**How to complete this task**
If a record contains a picture, skip the picture and transcribe the rest exactly.
:::::
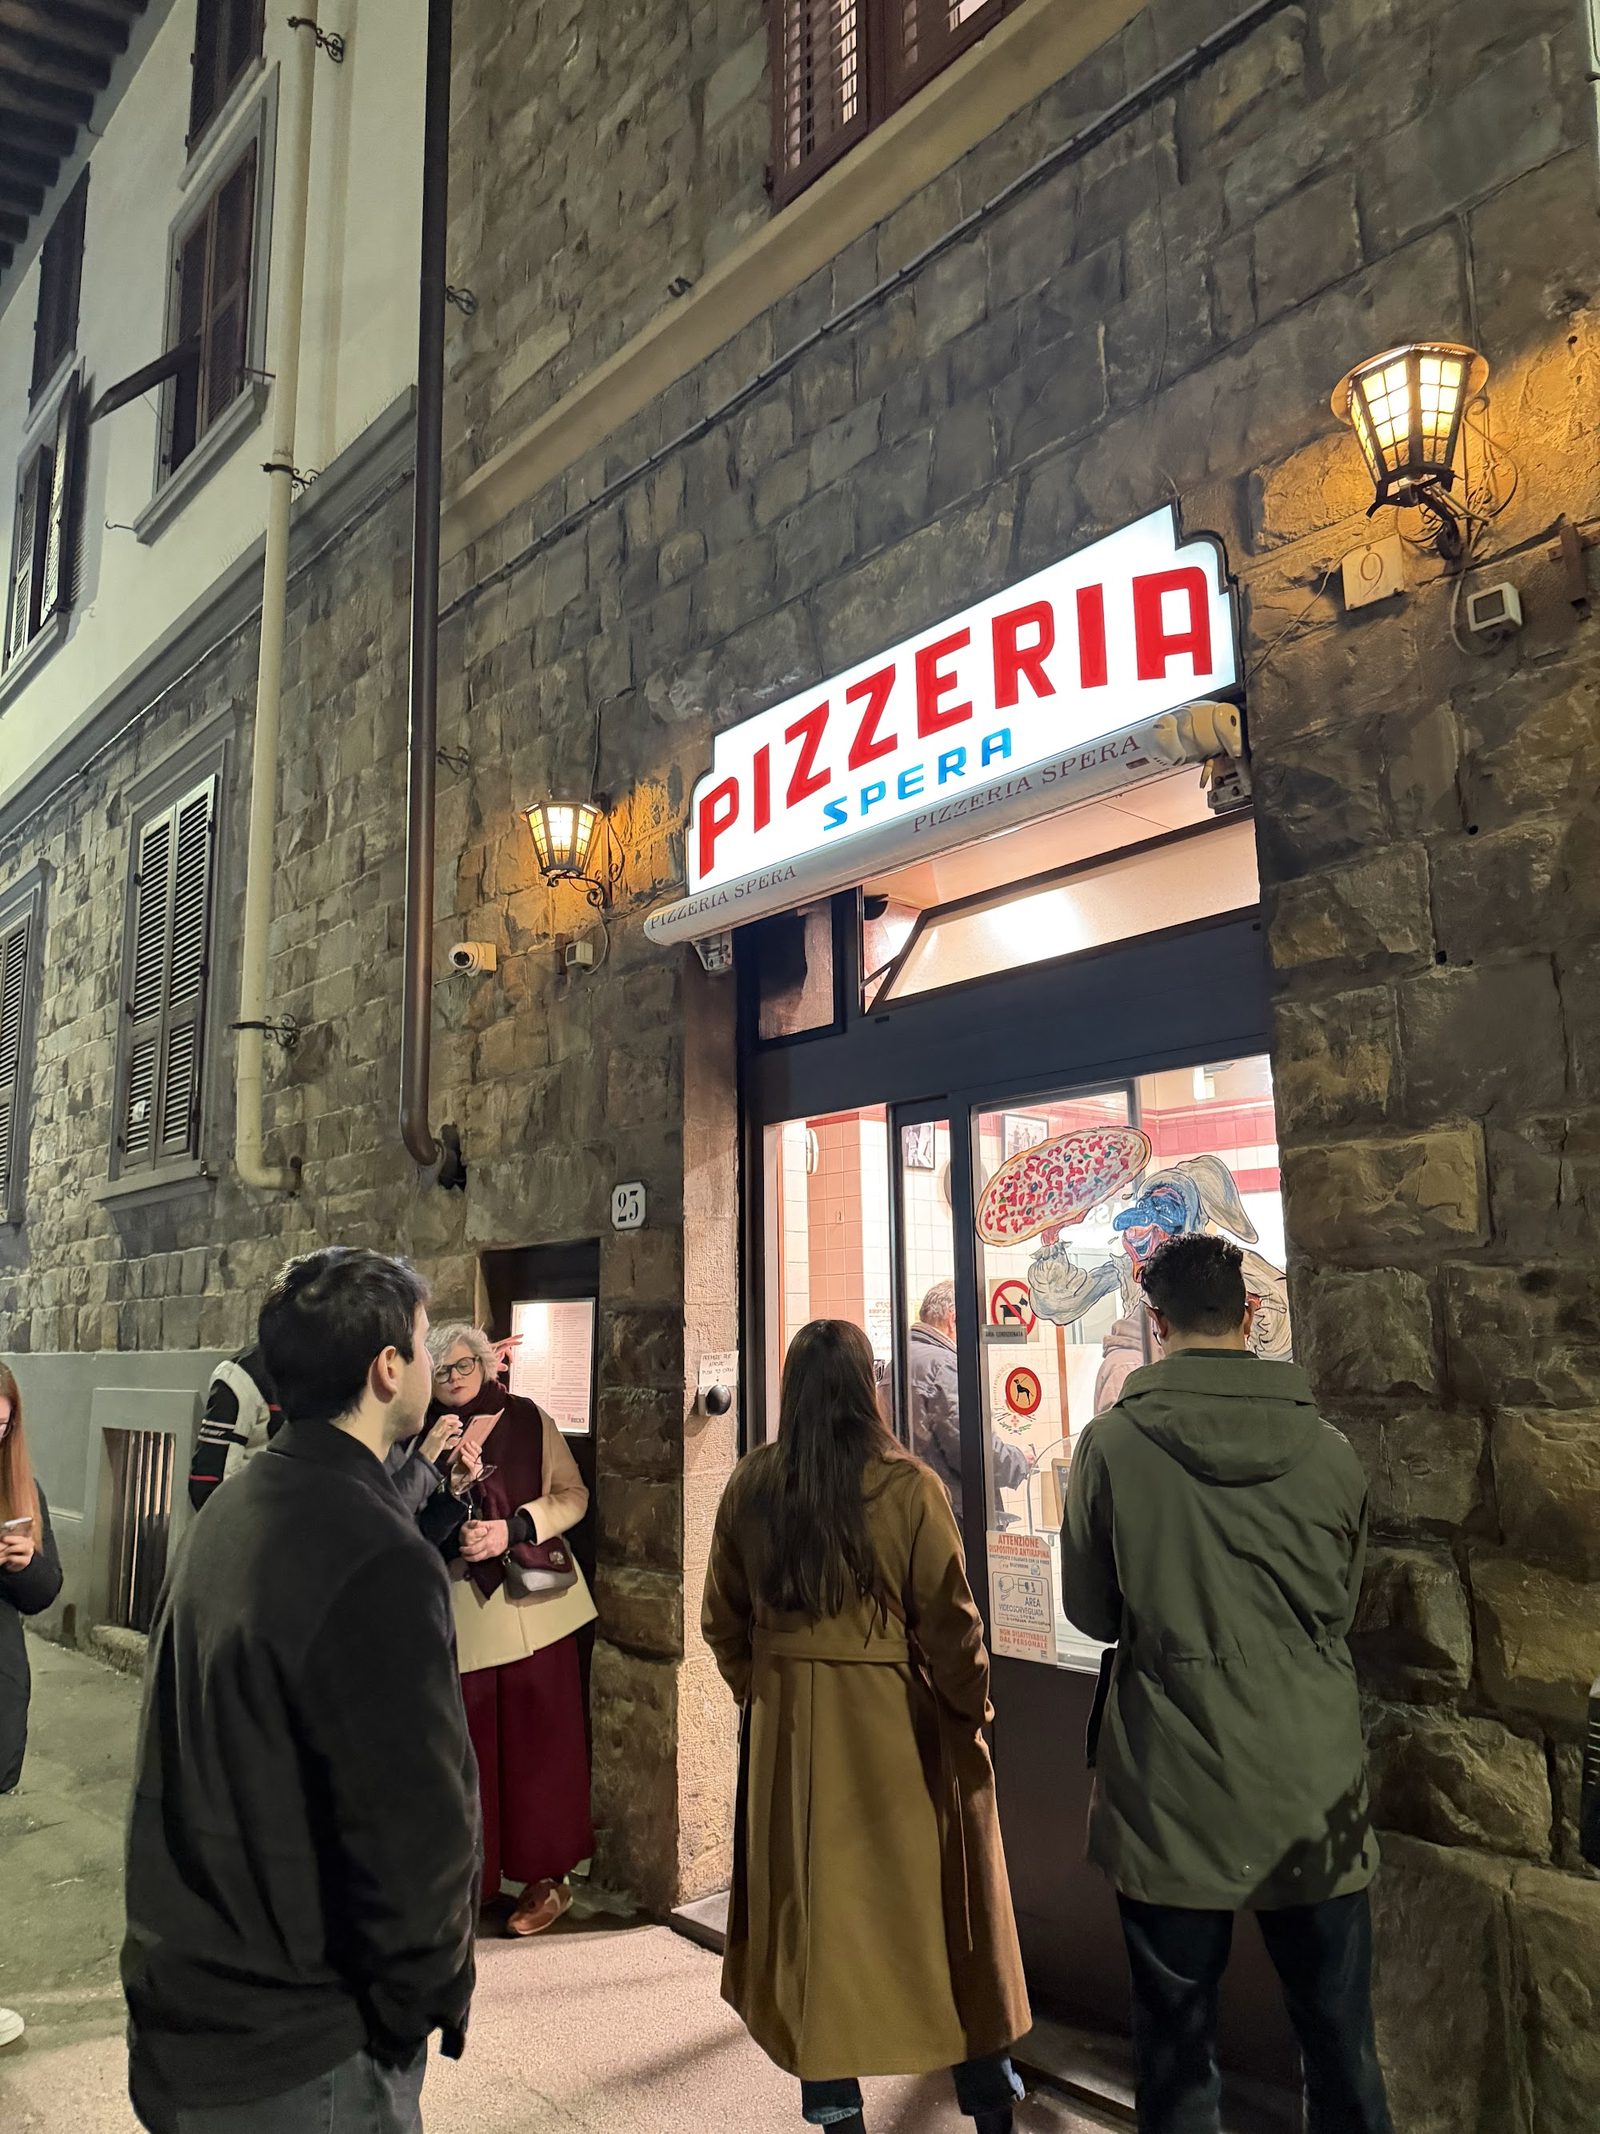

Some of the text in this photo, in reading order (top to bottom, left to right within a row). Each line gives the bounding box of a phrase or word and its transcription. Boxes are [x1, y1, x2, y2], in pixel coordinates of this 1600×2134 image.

[1360, 552, 1383, 598] 9
[700, 567, 1212, 880] PIZZERIA
[824, 728, 1011, 831] SPERA
[912, 735, 1141, 833] PIZZERIA SPERA
[649, 865, 797, 930] PIZZERIA SPERA
[998, 1535, 1039, 1548] ATTENZIONE
[988, 1544, 1050, 1559] DISPOSITIVO ANTIRAPINA
[998, 1603, 1044, 1617] VIDEOSORVEGLIATA
[1024, 1597, 1041, 1608] AREA
[999, 1628, 1048, 1643] NON DISATTIVABILE
[999, 1635, 1012, 1644] DAL
[1012, 1637, 1048, 1650] PERSONALE
:::::
**Written response**
Some of the text in this photo, in reading order (top to bottom, left to right within a row). Each line gives the bounding box of a phrase or word and its transcription. Boxes are [x1, y1, x2, y2], in pixel coordinates of this 1600×2134 image.

[1360, 552, 1383, 598] 9
[700, 567, 1212, 880] PIZZERIA
[824, 728, 1011, 831] SPERA
[912, 735, 1141, 833] PIZZERIA SPERA
[649, 865, 797, 930] PIZZERIA SPERA
[998, 1535, 1039, 1548] ATTENZIONE
[988, 1544, 1050, 1559] DISPOSITIVO ANTIRAPINA
[998, 1603, 1044, 1617] VIDEOSORVEGLIATA
[1024, 1597, 1041, 1608] AREA
[999, 1628, 1048, 1643] NON DISATTIVABILE
[999, 1635, 1012, 1644] DAL
[1012, 1637, 1048, 1650] PERSONALE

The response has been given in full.